Segment Start: Supplied material
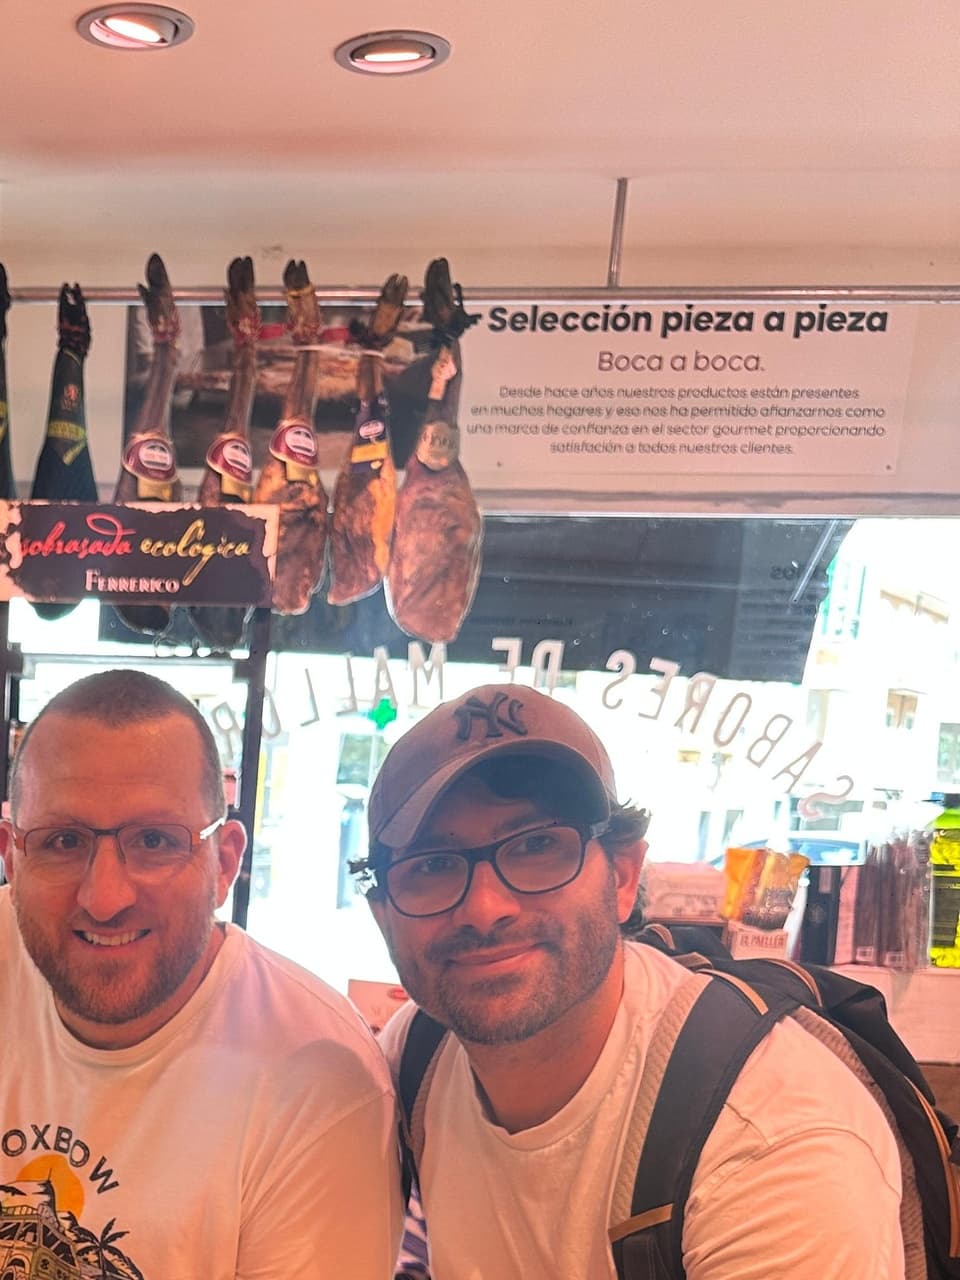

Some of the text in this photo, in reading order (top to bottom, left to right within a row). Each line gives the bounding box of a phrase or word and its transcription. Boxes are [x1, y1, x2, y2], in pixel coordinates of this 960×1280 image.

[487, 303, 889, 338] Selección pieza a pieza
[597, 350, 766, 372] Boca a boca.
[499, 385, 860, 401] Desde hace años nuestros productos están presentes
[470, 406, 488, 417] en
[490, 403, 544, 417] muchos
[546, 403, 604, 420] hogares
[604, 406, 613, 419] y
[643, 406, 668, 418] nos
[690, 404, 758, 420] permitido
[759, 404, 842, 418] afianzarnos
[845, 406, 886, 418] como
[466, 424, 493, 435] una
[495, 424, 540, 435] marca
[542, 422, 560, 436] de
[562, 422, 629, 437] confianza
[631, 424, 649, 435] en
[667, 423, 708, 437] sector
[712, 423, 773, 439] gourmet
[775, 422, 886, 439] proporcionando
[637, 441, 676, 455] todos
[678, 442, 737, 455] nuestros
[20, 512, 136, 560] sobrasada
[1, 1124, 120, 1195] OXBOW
Segment End: Supplied material
• **Directions**
In the copy, omit the pictures and give every line of the data exactly.

• **Written answer**
Some of the text in this photo, in reading order (top to bottom, left to right within a row). Each line gives the bounding box of a phrase or word and its transcription. Boxes are [x1, y1, x2, y2], in pixel coordinates of this 960×1280 image.

[487, 303, 889, 338] Selección pieza a pieza
[597, 350, 766, 372] Boca a boca.
[499, 385, 860, 401] Desde hace años nuestros productos están presentes
[470, 406, 488, 417] en
[490, 403, 544, 417] muchos
[546, 403, 604, 420] hogares
[604, 406, 613, 419] y
[643, 406, 668, 418] nos
[690, 404, 758, 420] permitido
[759, 404, 842, 418] afianzarnos
[845, 406, 886, 418] como
[466, 424, 493, 435] una
[495, 424, 540, 435] marca
[542, 422, 560, 436] de
[562, 422, 629, 437] confianza
[631, 424, 649, 435] en
[667, 423, 708, 437] sector
[712, 423, 773, 439] gourmet
[775, 422, 886, 439] proporcionando
[637, 441, 676, 455] todos
[678, 442, 737, 455] nuestros
[20, 512, 136, 560] sobrasada
[1, 1124, 120, 1195] OXBOW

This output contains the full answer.